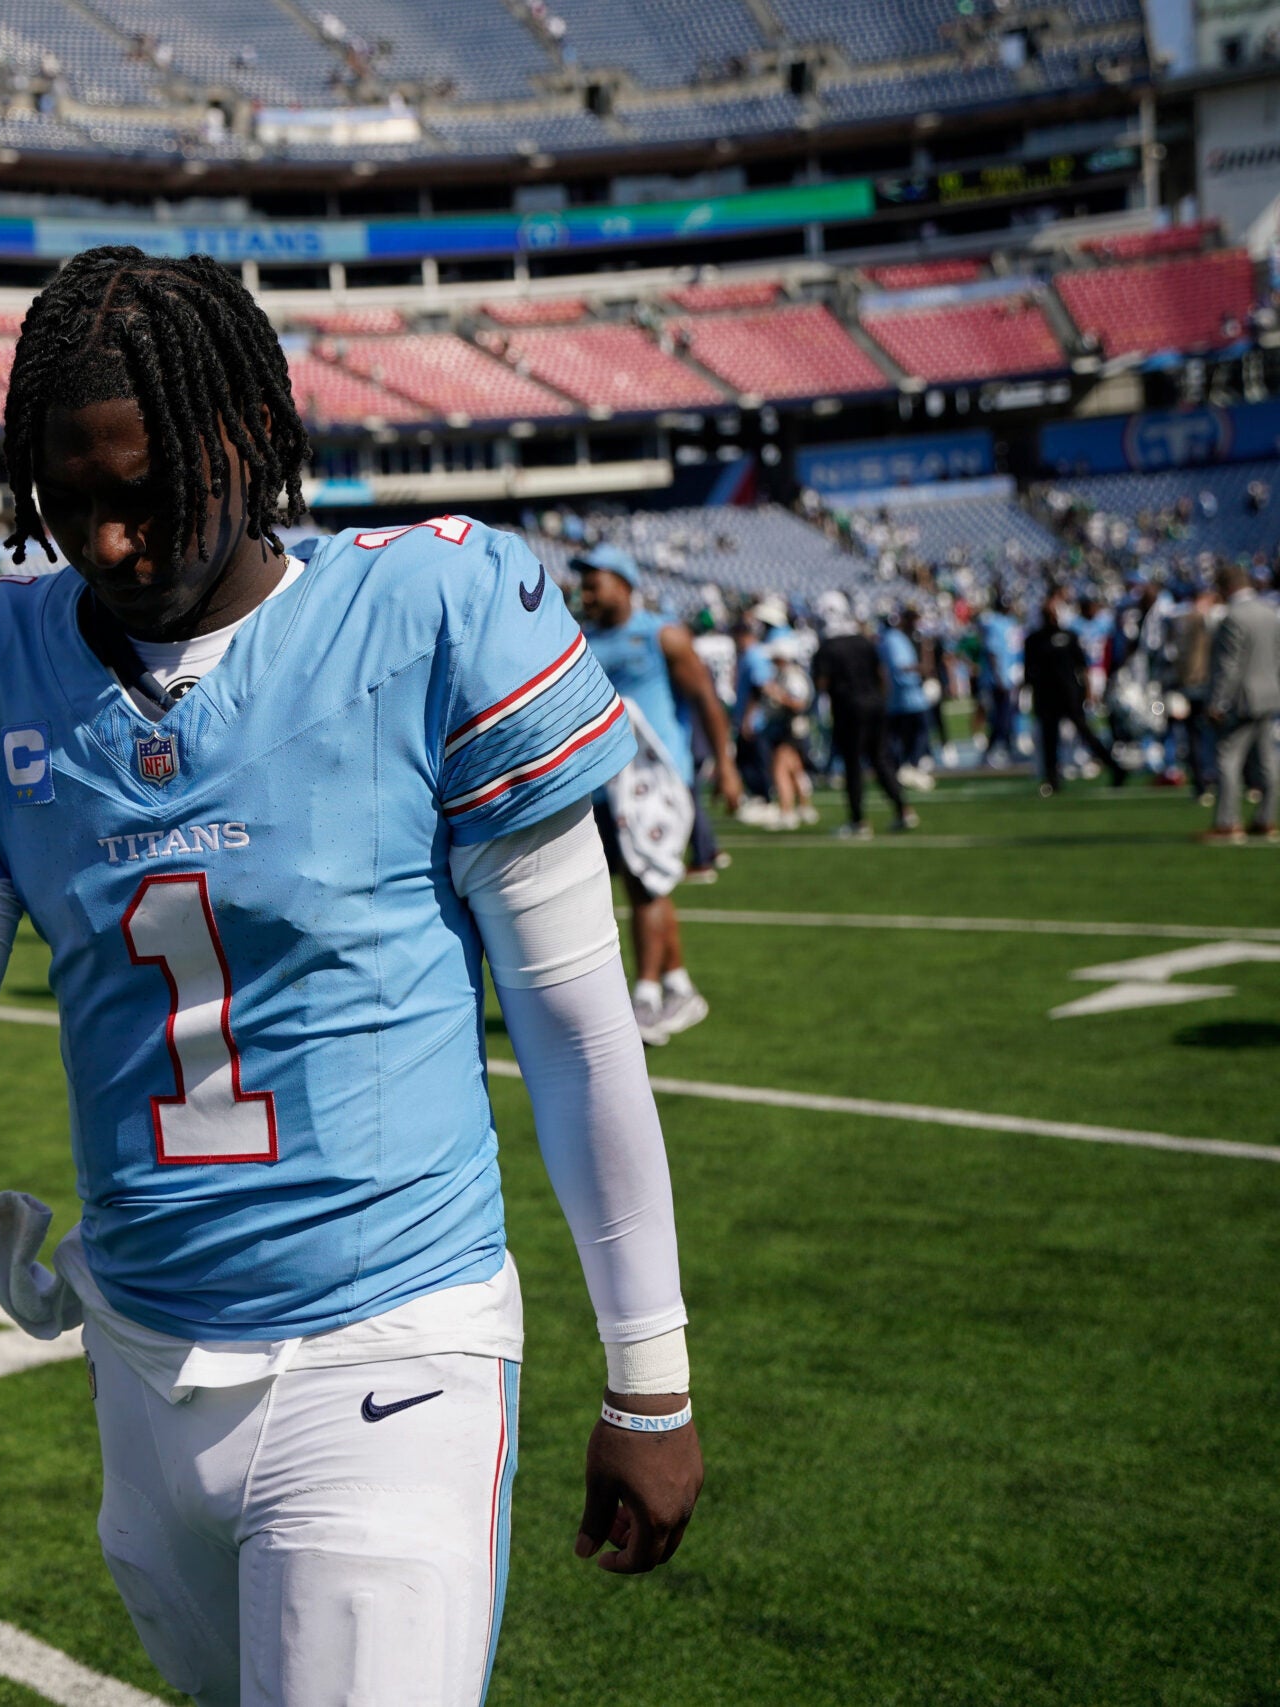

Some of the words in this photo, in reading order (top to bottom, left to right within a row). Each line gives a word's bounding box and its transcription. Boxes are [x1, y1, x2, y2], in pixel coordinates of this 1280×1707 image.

[181, 226, 323, 252] TITANS
[2, 728, 47, 786] C
[144, 755, 172, 777] NFL
[98, 822, 251, 863] TITANS
[120, 871, 279, 1165] 1
[629, 1407, 692, 1431] TITANS
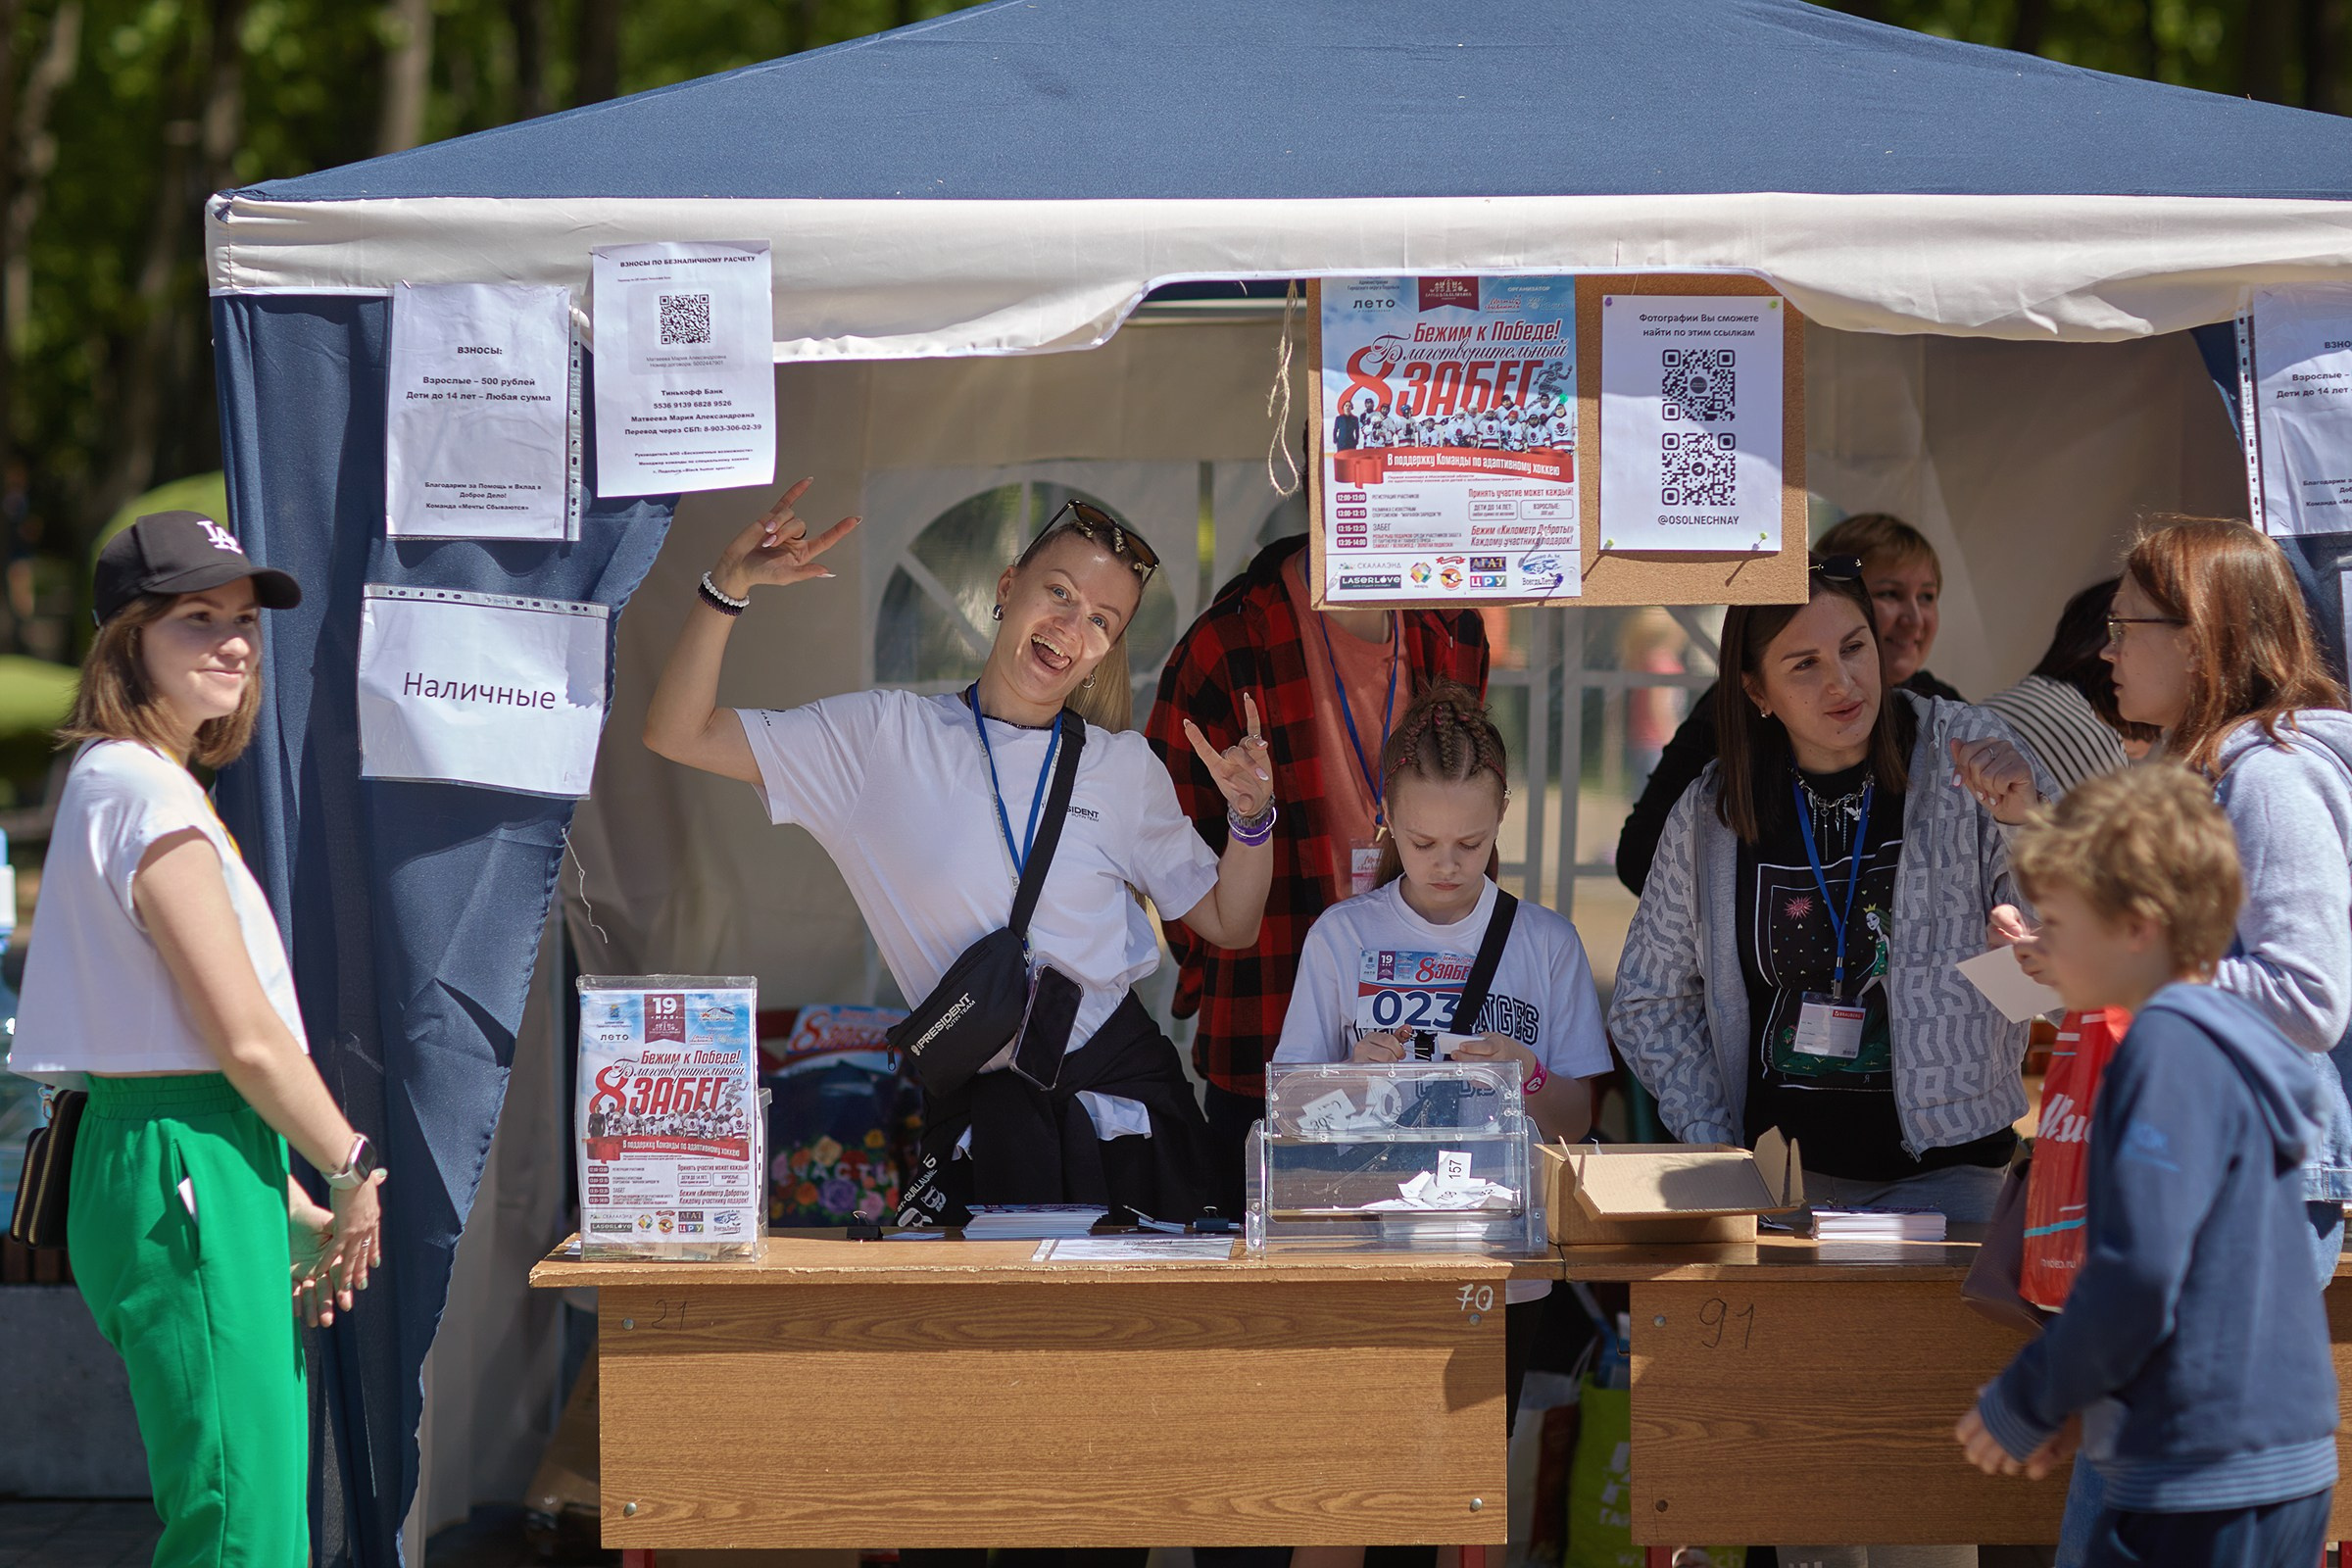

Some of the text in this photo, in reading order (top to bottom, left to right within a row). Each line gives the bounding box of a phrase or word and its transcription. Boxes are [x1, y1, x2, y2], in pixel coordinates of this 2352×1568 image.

[1353, 299, 1396, 309] лето
[1639, 314, 1698, 324] Фотографии
[1701, 314, 1715, 322] Вы
[1413, 319, 1561, 343] Бежим к Победе!
[1642, 328, 1671, 337] найти
[1366, 332, 1569, 370] Благотворительный
[423, 376, 471, 386] Взрослые
[501, 378, 535, 387] рублей
[1337, 345, 1544, 416] 8 ЗАБЕГ
[2292, 372, 2342, 382] Взрослые
[406, 392, 429, 401] Дети
[431, 392, 444, 401] до
[486, 392, 518, 401] Любая
[520, 394, 552, 403] сумма
[2277, 390, 2300, 400] Дети
[696, 412, 755, 420] Александровна
[1388, 453, 1560, 476] В поддержку Команды по адаптивному хоккею
[2303, 479, 2346, 488] Благодарим
[1469, 489, 1495, 499] Принять
[1496, 490, 1522, 499] участие
[1545, 487, 1574, 497] каждый!
[1658, 515, 1740, 526] @OSOLNECHNAY
[197, 520, 243, 555] LA
[1472, 525, 1495, 536] Бежим
[1497, 525, 1536, 535] «Километр
[1471, 535, 1573, 547] Каждому участнику подарок!
[1473, 558, 1504, 568] АГАТ
[1471, 576, 1505, 587] ЦРУ
[404, 672, 556, 710] Наличные
[1415, 956, 1436, 983] 8
[652, 998, 677, 1014] 19
[1372, 990, 1462, 1029] 023
[918, 992, 970, 1051] PRESIDENT
[945, 1000, 976, 1031] PUTIN TEAM
[641, 1051, 742, 1065] Бежим к Победе!
[610, 1058, 746, 1085] Благотворительный
[589, 1066, 730, 1115] 8 ЗАБЕГ
[1448, 1160, 1462, 1180] 157
[1456, 1284, 1494, 1312] 70
[1699, 1298, 1754, 1349] 91

-.-.-

ASSIGNED TASK:
Repeat all the material exactly, but keep pictures out of the copy.

RESPONSE:
Some of the words in this photo, in reading order (top to bottom, left to right within a row). Each line gives a word's bounding box and its transcription. Boxes are [x1, y1, x2, y2], in pixel coordinates of this 1280×1707 image.

[181, 226, 323, 252] TITANS
[2, 728, 47, 786] C
[144, 755, 172, 777] NFL
[98, 822, 251, 863] TITANS
[120, 871, 279, 1165] 1
[629, 1407, 692, 1431] TITANS

Some of the text in this photo, in reading order (top to bottom, left to right within a row). Each line gives the bounding box of a phrase or word and its transcription. Boxes are [x1, y1, x2, y2], in pixel coordinates of this 2352×1568 image.

[1353, 299, 1396, 309] лето
[1639, 314, 1698, 324] Фотографии
[1701, 314, 1715, 322] Вы
[1413, 319, 1561, 343] Бежим к Победе!
[1642, 328, 1671, 337] найти
[1366, 332, 1569, 370] Благотворительный
[423, 376, 471, 386] Взрослые
[501, 378, 535, 387] рублей
[1337, 345, 1544, 416] 8 ЗАБЕГ
[2292, 372, 2342, 382] Взрослые
[406, 392, 429, 401] Дети
[431, 392, 444, 401] до
[486, 392, 518, 401] Любая
[520, 394, 552, 403] сумма
[2277, 390, 2300, 400] Дети
[696, 412, 755, 420] Александровна
[1388, 453, 1560, 476] В поддержку Команды по адаптивному хоккею
[2303, 479, 2346, 488] Благодарим
[1469, 489, 1495, 499] Принять
[1496, 490, 1522, 499] участие
[1545, 487, 1574, 497] каждый!
[1658, 515, 1740, 526] @OSOLNECHNAY
[197, 520, 243, 555] LA
[1472, 525, 1495, 536] Бежим
[1497, 525, 1536, 535] «Километр
[1471, 535, 1573, 547] Каждому участнику подарок!
[1473, 558, 1504, 568] АГАТ
[1471, 576, 1505, 587] ЦРУ
[404, 672, 556, 710] Наличные
[1415, 956, 1436, 983] 8
[652, 998, 677, 1014] 19
[1372, 990, 1462, 1029] 023
[918, 992, 970, 1051] PRESIDENT
[945, 1000, 976, 1031] PUTIN TEAM
[641, 1051, 742, 1065] Бежим к Победе!
[610, 1058, 746, 1085] Благотворительный
[589, 1066, 730, 1115] 8 ЗАБЕГ
[1448, 1160, 1462, 1180] 157
[1456, 1284, 1494, 1312] 70
[1699, 1298, 1754, 1349] 91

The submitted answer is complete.